Jeremy Hunt’s first spring budget has been labelled as a “budget for growth” designed to provide for the health service, pupils and pensioners as he seeks to silence criticism from his party.

Hunt and the OBR have confirmed that the United Kingdom will avoid a recession this year and only contract by 0.2%. Inflation is set to fall to 2.9% from 10.1% by the end of the year. The UK economy is forecast to grow by 1.8% next year and 2.5% the year after.

The OBR’s forecast suggested that the wholesale price of energy had already fallen drastically in recent months — to less than a fifth of its August 2022 peak.

It was expected to fall 60% lower in 2023 than the OBR assumed in its November forecast.

What Was Announced In The Spring Budget?

On March 15 2023, Jeremy Hunt covered plenty of ground in the UK Budget. From utilising 6.6 million economically inactive people and getting them back to work to energy bill supports, public sector pay and plans for business growth.

Getting people back to work

In the United Kingdom, over 6.6 million working-age adults are classed as economically inactive, with the number of people either not working or actively looking for work has jumped by more than half a million in the last three years.

The lack of staff forces employers to pay higher wages and increase prices, although there are currently 1.1 million empty job vacancies.

Universal credit sanctions will be applied more vigorously to hammer down on people who fail to meet work-search requirements or choose not to take up a reasonable job offer.

Early Retirees

Of the 6.6 million economically inactive, more than a million have taken early retirement.

The Spring Budget has unveiled new incentives and strategies to encourage and retain older workers in the labour market.

The Government will offer another 8000 places per year to its skill boot camps to help reskill early retirees in construction and technology and provide returnship programmes for those over their 50s.

Hunt announced that he would also increase the annual tax-free allowance from £40,000 to £60,000 and abolish the Pensions Lifetime allowance, previously set at £1.07 million.

Long-term sick

In one of the most significant welfare system reforms in a decade, people classified as long-term sick will be able to work without losing their benefits.

Of the 6.6 million economically inactive people, 2.5 million are classified as long-term sick.
The UK Budget has proposed a strategy to reboot the benefits system, allowing long-term sick people to return to work part-time and claim benefits.

The Health and Disability White Paper, published on March 15 2023, outlines plans to scrap the work capability assessment.

There will also be a new voluntary employment scheme for disabled people where the Government will spend up to £4000 per person to aid them in finding appropriate jobs and support them as they do it —- this will fund 50,000 new jobs every year.

Parents At Home

In the UK, there are 1.7 million parents who stay at home to look after their children and are classed as economically inactive.
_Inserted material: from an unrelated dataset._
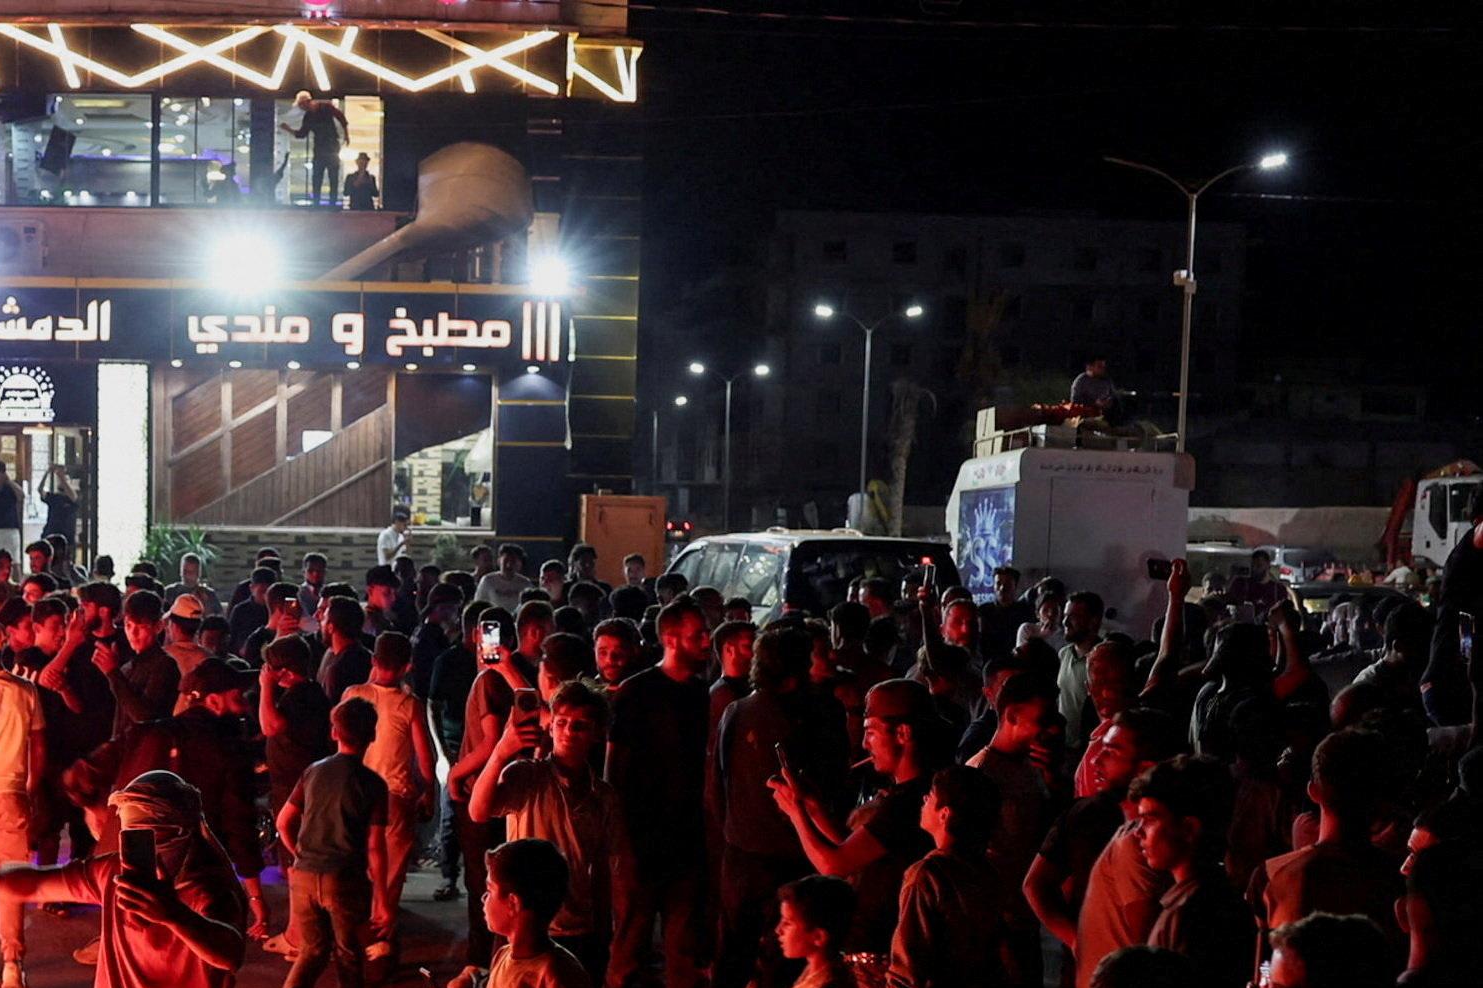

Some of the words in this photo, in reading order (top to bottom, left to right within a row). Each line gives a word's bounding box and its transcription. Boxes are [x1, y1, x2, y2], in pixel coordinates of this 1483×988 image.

Think tanks have flagged this population segmentation as one of the most easily fixable issues the Government could target.

The Government has proposed that they make changes to childcare support for parents on universal credit to make the payments upfront rather than as a refund. He will also increase the recognition by £951 for one child and £1630 for two children per Month.

Hunt announced a £4 billion expansion of free childcare for one- and two-year-olds in England —- The plan would provide parents extra 30 hours a week. It will also increase funding by £288 million by 2024-25 for the free three-year-old childcare programme.

Energy Bills Support

The Government’s Energy Price Guarantee caps energy for households and is scheduled to rise from £2500 to £3000 on April 1.

But Hunt, to help with the cost of living crisis, has capped this at £2500 for another three months, ending in June — saving families £160 on top of the already existing support, which will cost £3 billion.

Families on prepayment metres will pay the same for energy than those on direct debit.

Households on prepayment metres typically pay higher rates to cover the extra costs for companies managing the metres. Under Mr Hunt’s plans, this premium will be scrapped, saving four million households £45 per year on their bills from July.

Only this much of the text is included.